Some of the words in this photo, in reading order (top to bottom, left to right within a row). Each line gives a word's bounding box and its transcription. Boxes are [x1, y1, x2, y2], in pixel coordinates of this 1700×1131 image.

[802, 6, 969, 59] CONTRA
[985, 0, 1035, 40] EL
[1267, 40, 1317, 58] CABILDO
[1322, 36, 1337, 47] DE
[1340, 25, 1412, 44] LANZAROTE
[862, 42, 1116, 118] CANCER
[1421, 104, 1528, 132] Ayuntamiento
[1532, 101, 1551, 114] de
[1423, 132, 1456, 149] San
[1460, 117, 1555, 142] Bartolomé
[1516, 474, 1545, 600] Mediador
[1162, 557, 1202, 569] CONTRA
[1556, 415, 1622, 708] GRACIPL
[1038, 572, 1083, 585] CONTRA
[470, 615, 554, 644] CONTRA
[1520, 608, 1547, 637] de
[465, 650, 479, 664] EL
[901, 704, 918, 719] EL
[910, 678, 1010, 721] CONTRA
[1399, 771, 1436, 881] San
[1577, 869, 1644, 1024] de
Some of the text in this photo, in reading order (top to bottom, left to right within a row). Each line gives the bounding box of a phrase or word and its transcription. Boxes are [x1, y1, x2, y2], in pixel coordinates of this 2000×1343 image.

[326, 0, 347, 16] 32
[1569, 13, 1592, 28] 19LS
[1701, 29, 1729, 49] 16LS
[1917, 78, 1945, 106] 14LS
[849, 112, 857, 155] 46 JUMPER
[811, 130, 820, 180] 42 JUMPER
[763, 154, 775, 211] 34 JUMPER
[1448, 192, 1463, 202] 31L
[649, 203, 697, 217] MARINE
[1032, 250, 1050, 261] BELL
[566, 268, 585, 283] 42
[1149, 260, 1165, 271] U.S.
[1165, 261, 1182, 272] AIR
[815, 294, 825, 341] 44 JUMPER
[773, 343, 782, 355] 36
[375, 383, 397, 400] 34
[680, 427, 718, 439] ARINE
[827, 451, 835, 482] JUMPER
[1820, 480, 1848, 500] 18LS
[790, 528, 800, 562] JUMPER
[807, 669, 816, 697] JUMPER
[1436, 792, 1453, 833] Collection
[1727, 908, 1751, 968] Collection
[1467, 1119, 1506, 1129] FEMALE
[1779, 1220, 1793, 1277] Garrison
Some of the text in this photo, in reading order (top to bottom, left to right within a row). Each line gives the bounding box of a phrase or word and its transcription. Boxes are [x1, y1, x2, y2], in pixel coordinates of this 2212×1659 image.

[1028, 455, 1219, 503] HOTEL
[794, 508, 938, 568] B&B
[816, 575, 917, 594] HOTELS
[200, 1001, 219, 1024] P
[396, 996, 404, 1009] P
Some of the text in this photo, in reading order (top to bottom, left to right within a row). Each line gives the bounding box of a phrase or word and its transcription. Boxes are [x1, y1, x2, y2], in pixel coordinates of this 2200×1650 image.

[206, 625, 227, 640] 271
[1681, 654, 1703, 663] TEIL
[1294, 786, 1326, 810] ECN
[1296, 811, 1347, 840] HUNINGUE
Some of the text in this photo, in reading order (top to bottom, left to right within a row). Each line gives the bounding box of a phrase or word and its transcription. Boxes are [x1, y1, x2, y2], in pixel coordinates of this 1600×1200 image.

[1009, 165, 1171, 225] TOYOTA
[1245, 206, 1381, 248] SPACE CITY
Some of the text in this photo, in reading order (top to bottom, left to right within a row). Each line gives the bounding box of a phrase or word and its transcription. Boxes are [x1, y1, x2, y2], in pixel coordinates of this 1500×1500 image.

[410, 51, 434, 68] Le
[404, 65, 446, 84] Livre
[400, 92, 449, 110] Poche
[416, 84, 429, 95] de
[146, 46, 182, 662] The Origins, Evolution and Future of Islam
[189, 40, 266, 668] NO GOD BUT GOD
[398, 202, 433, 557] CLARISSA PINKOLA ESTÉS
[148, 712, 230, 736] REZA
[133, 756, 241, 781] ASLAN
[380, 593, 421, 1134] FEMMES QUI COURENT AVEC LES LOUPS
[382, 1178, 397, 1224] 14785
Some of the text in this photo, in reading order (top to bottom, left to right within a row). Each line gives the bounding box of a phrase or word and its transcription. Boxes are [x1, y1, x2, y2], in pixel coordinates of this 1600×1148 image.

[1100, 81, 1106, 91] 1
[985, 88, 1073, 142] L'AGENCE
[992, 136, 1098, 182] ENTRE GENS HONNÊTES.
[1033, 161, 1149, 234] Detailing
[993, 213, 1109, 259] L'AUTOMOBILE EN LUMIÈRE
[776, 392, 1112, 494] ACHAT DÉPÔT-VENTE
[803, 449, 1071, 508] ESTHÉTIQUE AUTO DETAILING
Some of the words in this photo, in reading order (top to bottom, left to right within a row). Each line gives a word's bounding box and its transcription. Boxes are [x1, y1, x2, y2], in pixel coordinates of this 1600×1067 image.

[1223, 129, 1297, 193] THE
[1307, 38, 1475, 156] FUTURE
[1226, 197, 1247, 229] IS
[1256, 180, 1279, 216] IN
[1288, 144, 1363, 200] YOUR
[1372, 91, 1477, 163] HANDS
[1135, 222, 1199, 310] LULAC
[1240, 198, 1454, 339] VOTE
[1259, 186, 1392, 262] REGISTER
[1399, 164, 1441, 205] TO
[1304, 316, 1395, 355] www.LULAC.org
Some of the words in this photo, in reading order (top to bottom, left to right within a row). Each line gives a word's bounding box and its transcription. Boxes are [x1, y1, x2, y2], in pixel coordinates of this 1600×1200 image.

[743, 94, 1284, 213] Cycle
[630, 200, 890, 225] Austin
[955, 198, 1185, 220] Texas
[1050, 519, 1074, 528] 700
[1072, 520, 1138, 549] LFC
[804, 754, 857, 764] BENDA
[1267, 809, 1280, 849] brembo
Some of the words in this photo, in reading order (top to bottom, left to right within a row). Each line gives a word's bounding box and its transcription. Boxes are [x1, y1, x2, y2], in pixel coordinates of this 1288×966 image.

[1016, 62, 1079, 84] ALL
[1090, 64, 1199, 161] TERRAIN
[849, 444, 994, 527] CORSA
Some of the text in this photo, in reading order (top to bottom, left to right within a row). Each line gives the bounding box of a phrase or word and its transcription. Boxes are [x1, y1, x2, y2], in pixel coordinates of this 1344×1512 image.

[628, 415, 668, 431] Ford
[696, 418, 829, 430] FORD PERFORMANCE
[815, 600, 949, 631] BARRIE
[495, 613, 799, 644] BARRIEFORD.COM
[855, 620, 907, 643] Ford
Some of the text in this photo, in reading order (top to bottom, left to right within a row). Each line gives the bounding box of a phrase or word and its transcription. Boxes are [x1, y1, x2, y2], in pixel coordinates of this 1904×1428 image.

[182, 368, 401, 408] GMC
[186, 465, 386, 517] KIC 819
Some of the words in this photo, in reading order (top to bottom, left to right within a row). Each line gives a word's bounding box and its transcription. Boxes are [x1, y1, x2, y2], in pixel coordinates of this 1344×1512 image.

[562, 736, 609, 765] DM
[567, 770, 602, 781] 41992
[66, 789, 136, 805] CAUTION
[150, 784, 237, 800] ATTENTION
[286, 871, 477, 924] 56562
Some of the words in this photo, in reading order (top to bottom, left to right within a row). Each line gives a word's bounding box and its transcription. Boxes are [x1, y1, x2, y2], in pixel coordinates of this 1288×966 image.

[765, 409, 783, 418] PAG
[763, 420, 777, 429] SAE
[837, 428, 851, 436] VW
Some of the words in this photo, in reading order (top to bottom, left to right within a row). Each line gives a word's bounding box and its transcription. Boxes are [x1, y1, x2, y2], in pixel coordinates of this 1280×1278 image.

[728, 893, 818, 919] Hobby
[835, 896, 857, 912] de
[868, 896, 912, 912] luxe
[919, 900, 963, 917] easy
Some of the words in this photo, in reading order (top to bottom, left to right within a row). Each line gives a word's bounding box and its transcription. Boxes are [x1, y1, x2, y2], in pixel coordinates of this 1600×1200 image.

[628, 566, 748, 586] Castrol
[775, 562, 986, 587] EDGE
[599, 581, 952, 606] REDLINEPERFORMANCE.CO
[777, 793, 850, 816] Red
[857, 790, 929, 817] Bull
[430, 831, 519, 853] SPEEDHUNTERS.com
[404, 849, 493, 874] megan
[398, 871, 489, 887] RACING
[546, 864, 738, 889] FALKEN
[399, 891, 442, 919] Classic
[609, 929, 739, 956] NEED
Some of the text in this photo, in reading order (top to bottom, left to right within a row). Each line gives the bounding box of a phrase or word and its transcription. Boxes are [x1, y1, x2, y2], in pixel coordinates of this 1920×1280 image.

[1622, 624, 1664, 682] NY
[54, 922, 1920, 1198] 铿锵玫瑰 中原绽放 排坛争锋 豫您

* * * *

◆ **TASK PROMPT**
Would you please reproduce every line from the one containing "this 1280×1278 image." through the final line of the listing, and only those lines?

◆ **ANSWER SPACE**
Some of the words in this photo, in reading order (top to bottom, left to right within a row). Each line gives a word's bounding box and its transcription. Boxes are [x1, y1, x2, y2], in pixel coordinates of this 1280×1278 image.

[728, 893, 818, 919] Hobby
[835, 896, 857, 912] de
[868, 896, 912, 912] luxe
[919, 900, 963, 917] easy
Some of the words in this photo, in reading order (top to bottom, left to right within a row). Each line gives a word's bounding box and its transcription. Boxes are [x1, y1, x2, y2], in pixel coordinates of this 1600×1200 image.

[628, 566, 748, 586] Castrol
[775, 562, 986, 587] EDGE
[599, 581, 952, 606] REDLINEPERFORMANCE.CO
[777, 793, 850, 816] Red
[857, 790, 929, 817] Bull
[430, 831, 519, 853] SPEEDHUNTERS.com
[404, 849, 493, 874] megan
[398, 871, 489, 887] RACING
[546, 864, 738, 889] FALKEN
[399, 891, 442, 919] Classic
[609, 929, 739, 956] NEED
Some of the text in this photo, in reading order (top to bottom, left to right within a row). Each line gives the bounding box of a phrase or word and its transcription. Boxes are [x1, y1, x2, y2], in pixel coordinates of this 1920×1280 image.

[1622, 624, 1664, 682] NY
[54, 922, 1920, 1198] 铿锵玫瑰 中原绽放 排坛争锋 豫您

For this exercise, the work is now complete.